**Problem to solve:** Where an image appears, leave it out; otherwise repeat the data exactly.

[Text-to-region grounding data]
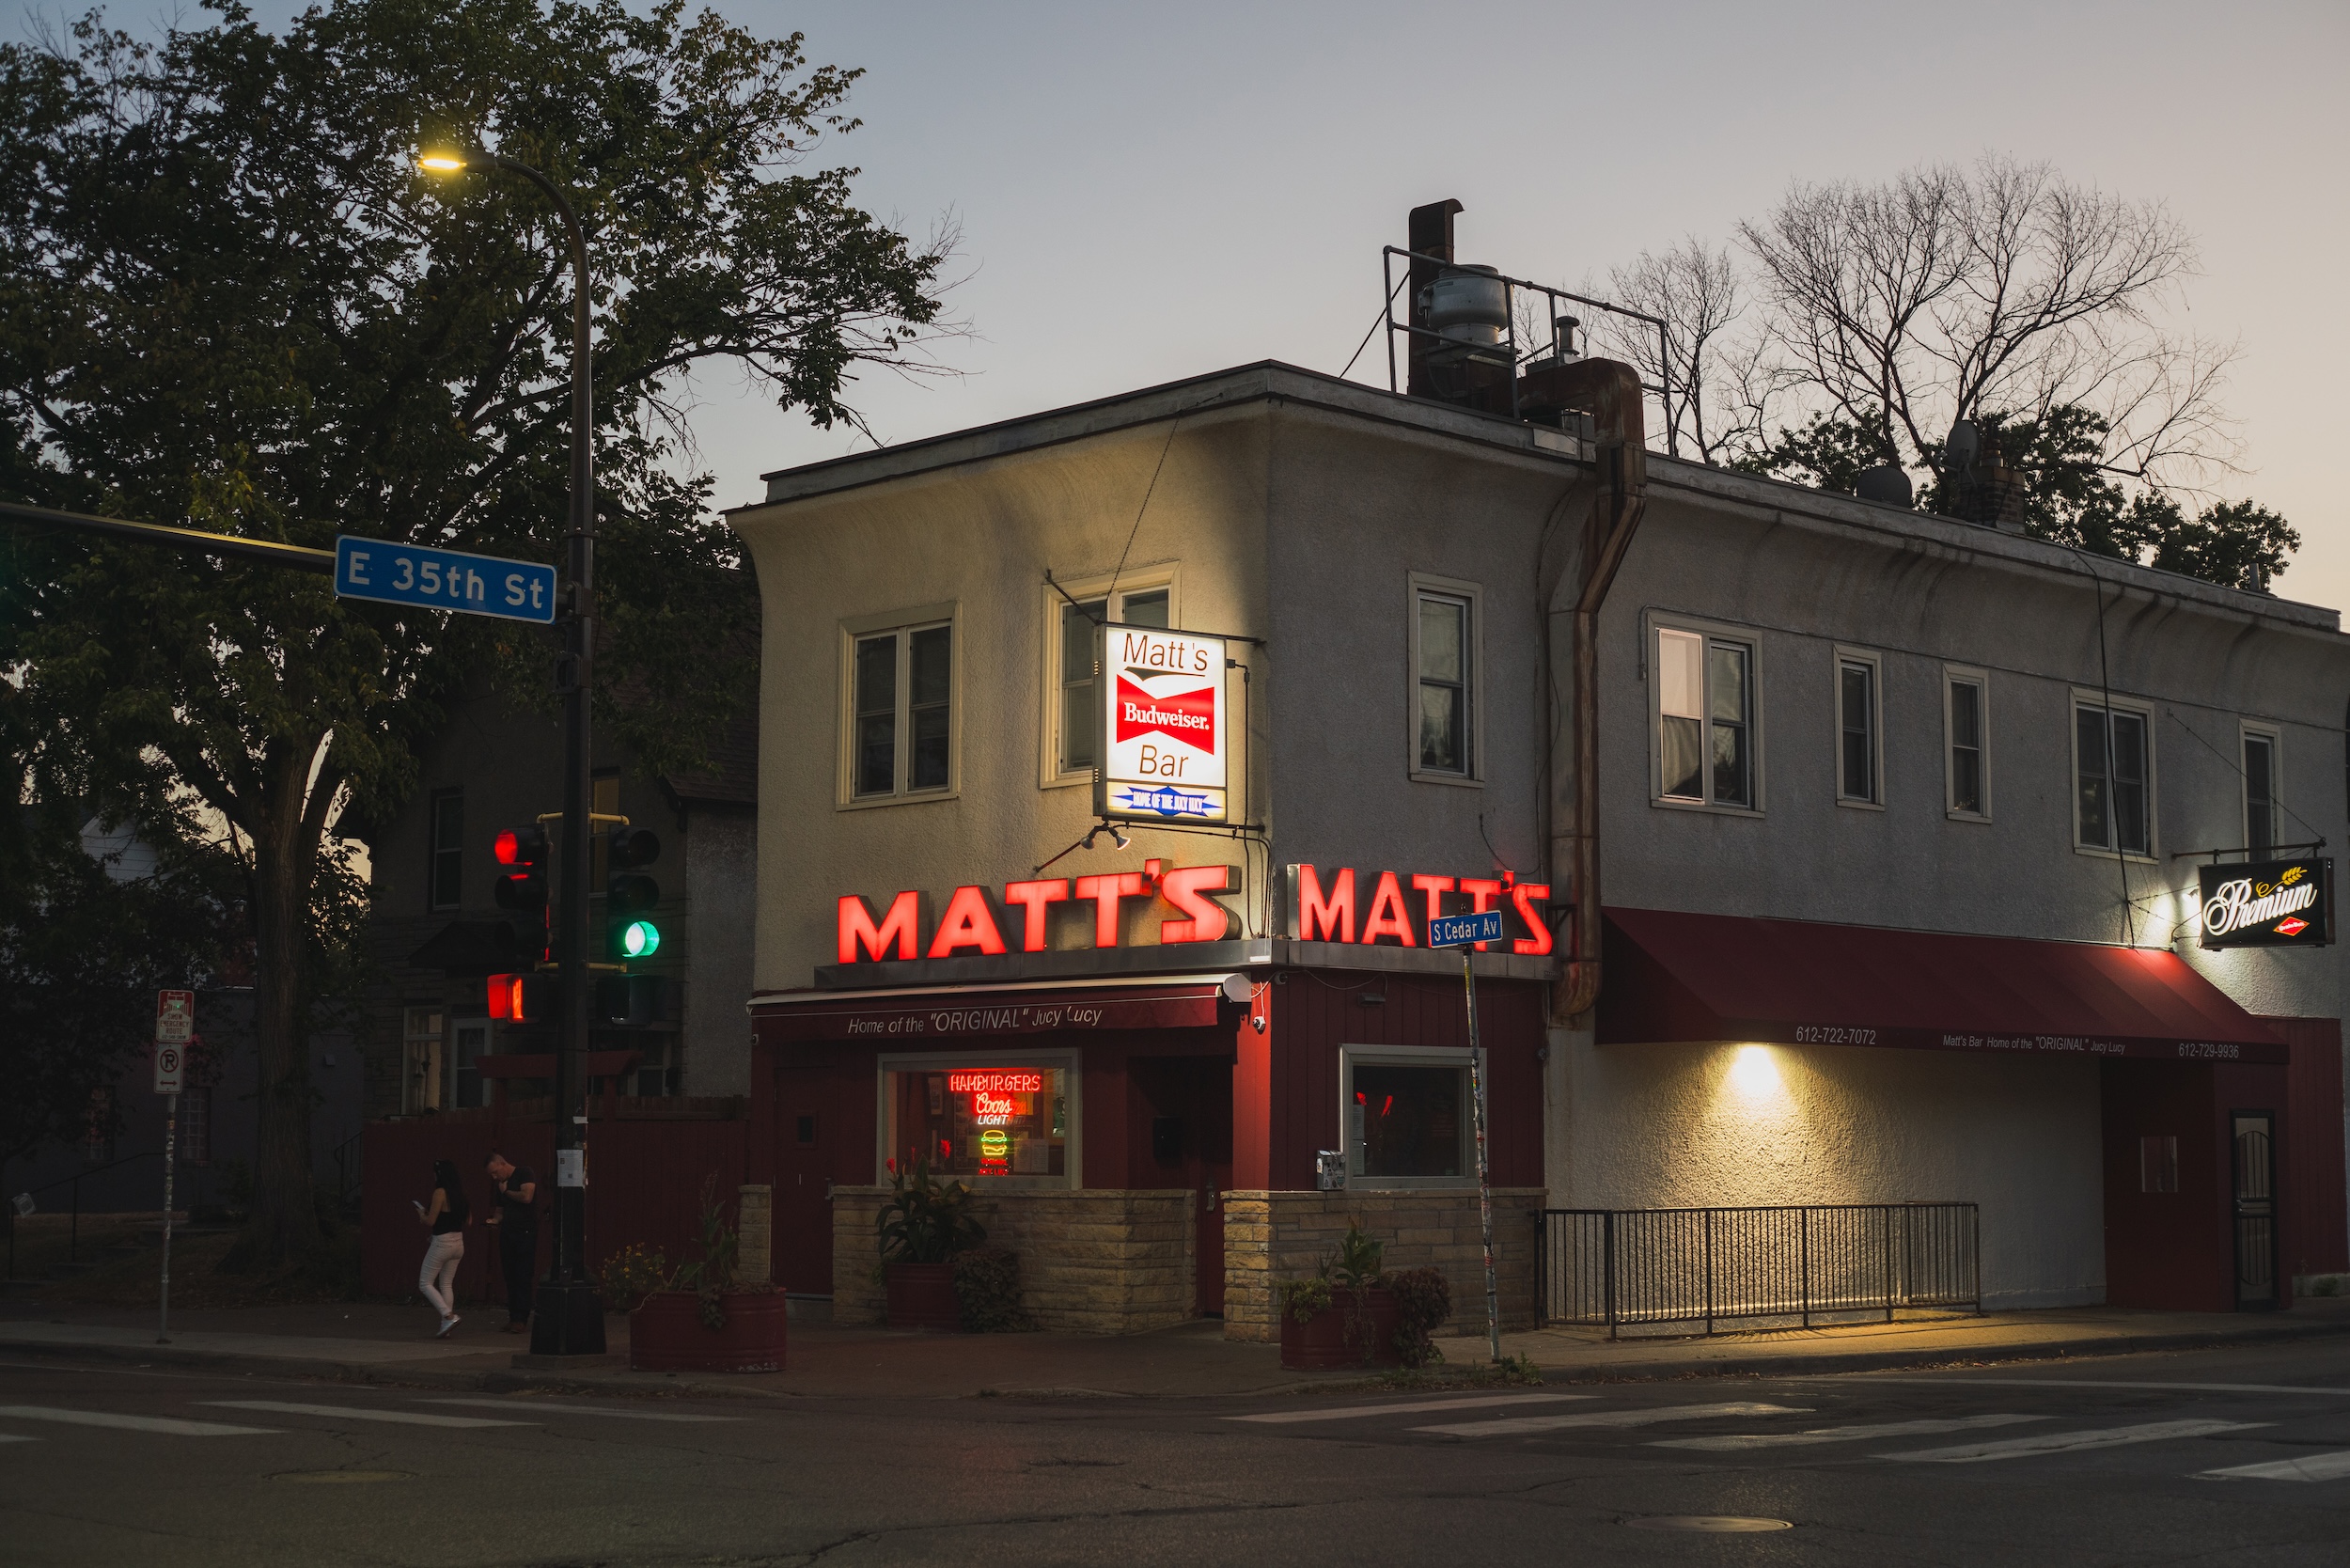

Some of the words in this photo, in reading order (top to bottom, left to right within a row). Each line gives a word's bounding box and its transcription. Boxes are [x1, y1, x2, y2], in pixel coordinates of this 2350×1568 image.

[349, 551, 370, 586] E
[392, 557, 485, 602] 35th
[505, 573, 543, 609] St
[1123, 633, 1209, 672] Matt's
[1139, 744, 1189, 777] Bar
[1133, 791, 1152, 808] HOME
[1152, 792, 1161, 808] OF
[838, 858, 1233, 964] MATT'S
[1299, 862, 1553, 956] MATT'S
[2202, 877, 2318, 936] Premium
[1434, 923, 1441, 942] S
[1445, 921, 1477, 940] Cedar
[1483, 917, 1497, 936] Av
[848, 1018, 885, 1034] Home
[888, 1017, 905, 1033] of
[905, 1017, 925, 1033] the
[1032, 1009, 1063, 1027] Jucy
[1066, 1006, 1103, 1027] Lucy
[1795, 1026, 1876, 1045] 612-722-7072
[1943, 1035, 1967, 1046] Matt's
[1968, 1036, 1982, 1047] Bar
[1987, 1037, 2010, 1048] Home
[2012, 1038, 2020, 1049] of
[2021, 1038, 2032, 1049] the
[2091, 1042, 2107, 1054] Jucy
[2108, 1042, 2125, 1055] Lucy
[2179, 1043, 2240, 1058] 612-729-9936
[950, 1074, 1041, 1091] HAMBURGERS
[976, 1092, 1012, 1114] Coors
[978, 1114, 1009, 1125] LIGHT

**Solution to this task:**
Some of the words in this photo, in reading order (top to bottom, left to right within a row). Each line gives a word's bounding box and its transcription. Boxes are [x1, y1, x2, y2], in pixel coordinates of this 2350×1568 image.

[349, 551, 370, 586] E
[392, 557, 485, 602] 35th
[505, 573, 543, 609] St
[1123, 633, 1209, 672] Matt's
[1139, 744, 1189, 777] Bar
[1133, 791, 1152, 808] HOME
[1152, 792, 1161, 808] OF
[838, 858, 1233, 964] MATT'S
[1299, 862, 1553, 956] MATT'S
[2202, 877, 2318, 936] Premium
[1434, 923, 1441, 942] S
[1445, 921, 1477, 940] Cedar
[1483, 917, 1497, 936] Av
[848, 1018, 885, 1034] Home
[888, 1017, 905, 1033] of
[905, 1017, 925, 1033] the
[1032, 1009, 1063, 1027] Jucy
[1066, 1006, 1103, 1027] Lucy
[1795, 1026, 1876, 1045] 612-722-7072
[1943, 1035, 1967, 1046] Matt's
[1968, 1036, 1982, 1047] Bar
[1987, 1037, 2010, 1048] Home
[2012, 1038, 2020, 1049] of
[2021, 1038, 2032, 1049] the
[2091, 1042, 2107, 1054] Jucy
[2108, 1042, 2125, 1055] Lucy
[2179, 1043, 2240, 1058] 612-729-9936
[950, 1074, 1041, 1091] HAMBURGERS
[976, 1092, 1012, 1114] Coors
[978, 1114, 1009, 1125] LIGHT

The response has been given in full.